• WHAT THE EXERCISE ASKS
Your answer must be the records below, given again exactly, with no pictures in it.

── RECORDS SUPPLIED

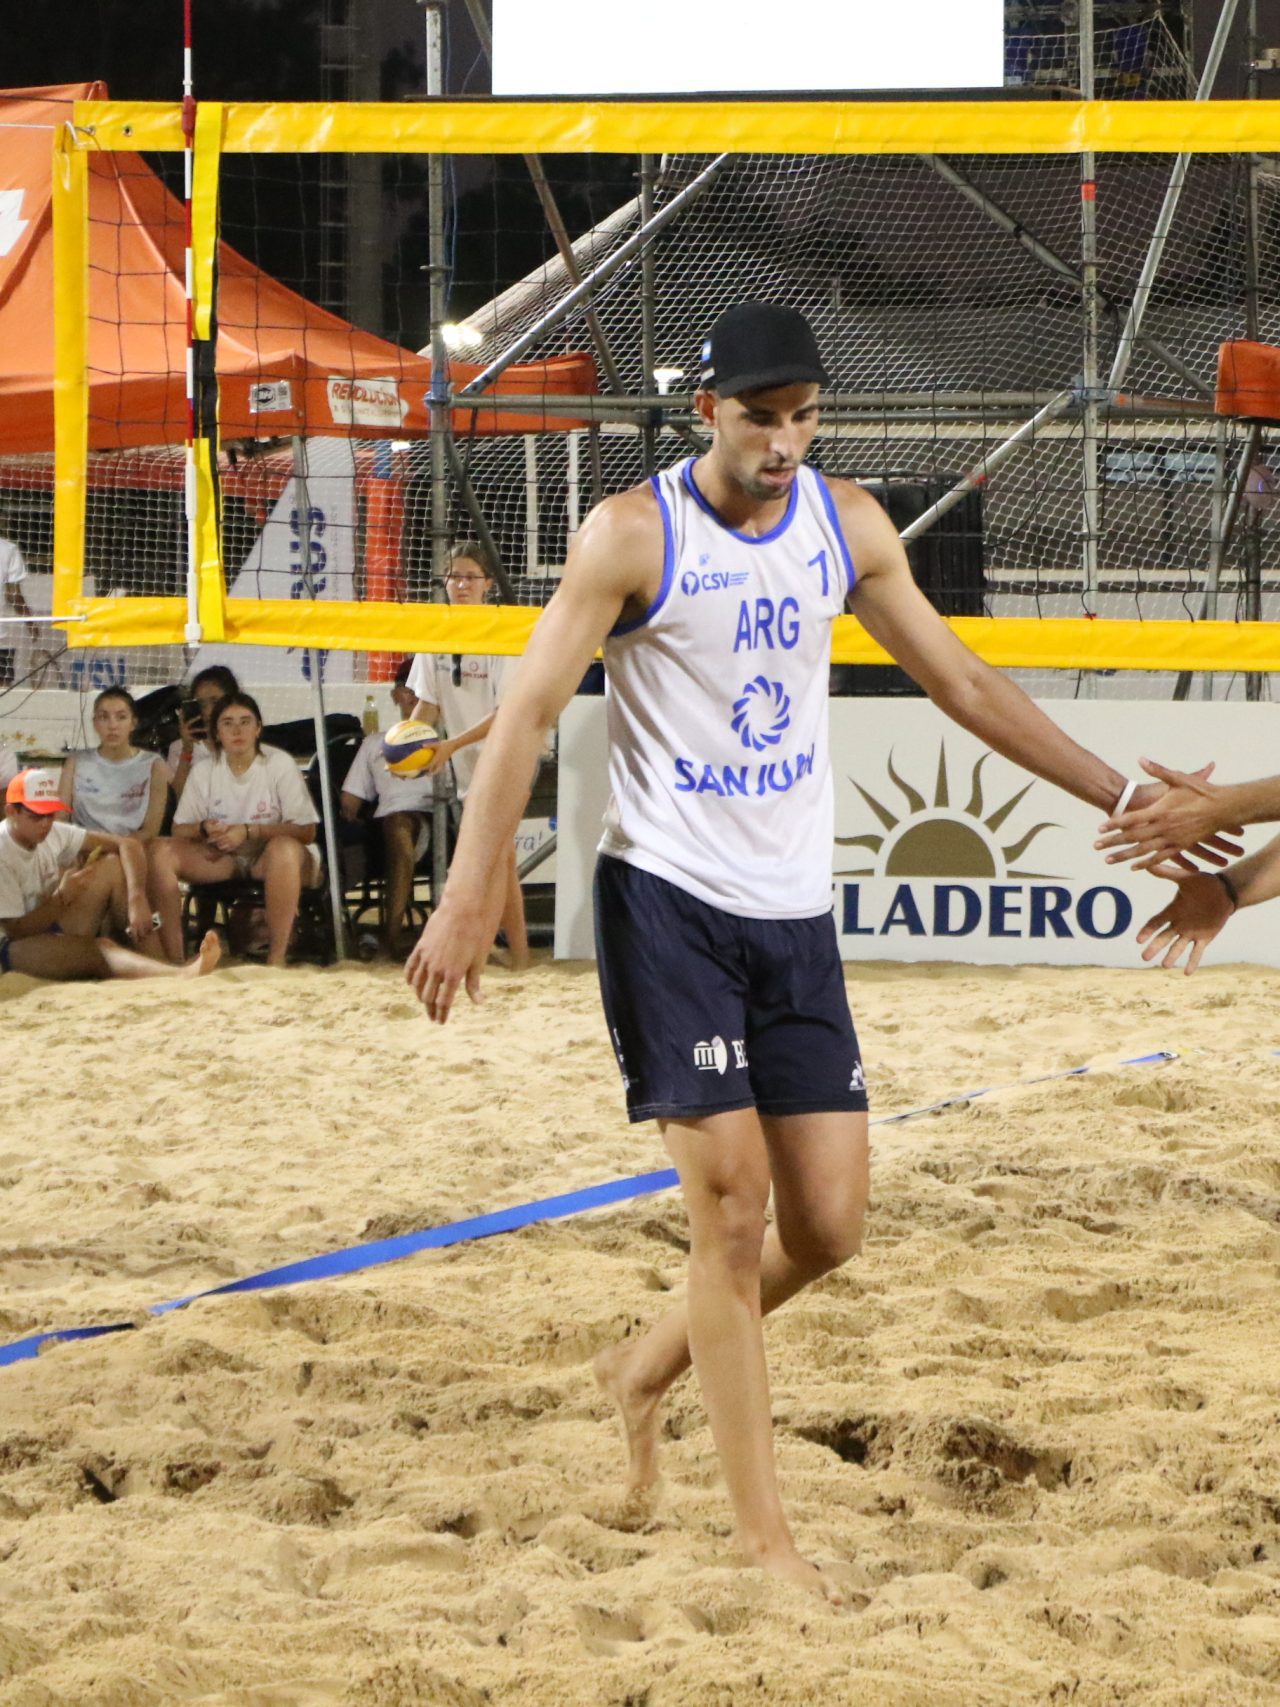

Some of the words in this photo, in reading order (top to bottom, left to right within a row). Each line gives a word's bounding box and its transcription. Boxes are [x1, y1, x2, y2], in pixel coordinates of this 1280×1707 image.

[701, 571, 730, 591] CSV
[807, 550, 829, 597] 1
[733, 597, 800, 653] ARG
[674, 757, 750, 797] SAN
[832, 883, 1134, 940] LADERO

────

• ANSWER SPACE
Some of the words in this photo, in reading order (top to bottom, left to right within a row). Each line gives a word's bounding box and its transcription. Boxes are [x1, y1, x2, y2], in pixel coordinates of this 1280×1707 image.

[701, 571, 730, 591] CSV
[807, 550, 829, 597] 1
[733, 597, 800, 653] ARG
[674, 757, 750, 797] SAN
[832, 883, 1134, 940] LADERO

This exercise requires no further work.